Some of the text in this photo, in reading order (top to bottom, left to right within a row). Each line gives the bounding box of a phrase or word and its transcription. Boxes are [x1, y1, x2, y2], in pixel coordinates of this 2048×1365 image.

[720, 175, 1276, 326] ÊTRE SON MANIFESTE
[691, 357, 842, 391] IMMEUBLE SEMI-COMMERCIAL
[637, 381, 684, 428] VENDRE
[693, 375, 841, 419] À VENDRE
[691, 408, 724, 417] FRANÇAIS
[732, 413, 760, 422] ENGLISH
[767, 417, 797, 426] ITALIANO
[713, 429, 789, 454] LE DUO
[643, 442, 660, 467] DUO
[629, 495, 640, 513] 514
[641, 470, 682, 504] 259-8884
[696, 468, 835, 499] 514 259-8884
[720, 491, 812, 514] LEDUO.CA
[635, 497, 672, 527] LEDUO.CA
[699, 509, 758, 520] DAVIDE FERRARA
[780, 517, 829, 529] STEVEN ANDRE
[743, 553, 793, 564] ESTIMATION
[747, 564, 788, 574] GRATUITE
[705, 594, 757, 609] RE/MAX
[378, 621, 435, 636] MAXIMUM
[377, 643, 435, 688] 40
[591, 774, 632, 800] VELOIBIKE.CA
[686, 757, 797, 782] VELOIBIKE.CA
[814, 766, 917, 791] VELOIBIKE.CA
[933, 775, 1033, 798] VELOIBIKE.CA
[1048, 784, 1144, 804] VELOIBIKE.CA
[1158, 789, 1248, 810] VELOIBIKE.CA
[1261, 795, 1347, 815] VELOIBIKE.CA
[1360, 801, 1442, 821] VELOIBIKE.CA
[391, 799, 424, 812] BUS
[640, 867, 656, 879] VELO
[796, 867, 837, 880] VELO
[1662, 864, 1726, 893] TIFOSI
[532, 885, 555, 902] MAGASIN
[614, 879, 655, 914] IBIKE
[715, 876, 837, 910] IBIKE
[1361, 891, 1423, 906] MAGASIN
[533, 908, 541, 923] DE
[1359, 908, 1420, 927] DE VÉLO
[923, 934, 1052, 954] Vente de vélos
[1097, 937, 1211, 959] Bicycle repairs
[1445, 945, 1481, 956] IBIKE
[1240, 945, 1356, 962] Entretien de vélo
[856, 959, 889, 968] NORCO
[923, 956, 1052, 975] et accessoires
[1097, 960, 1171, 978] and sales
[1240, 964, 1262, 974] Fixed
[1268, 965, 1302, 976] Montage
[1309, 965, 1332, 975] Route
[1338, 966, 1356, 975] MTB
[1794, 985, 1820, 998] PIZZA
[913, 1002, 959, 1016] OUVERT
________________________________________
What to work on. Check every line above for the string "VELOIBIKE" and copy those that have it.

Solution for this task.
[591, 774, 632, 800] VELOIBIKE.CA
[686, 757, 797, 782] VELOIBIKE.CA
[814, 766, 917, 791] VELOIBIKE.CA
[933, 775, 1033, 798] VELOIBIKE.CA
[1048, 784, 1144, 804] VELOIBIKE.CA
[1158, 789, 1248, 810] VELOIBIKE.CA
[1261, 795, 1347, 815] VELOIBIKE.CA
[1360, 801, 1442, 821] VELOIBIKE.CA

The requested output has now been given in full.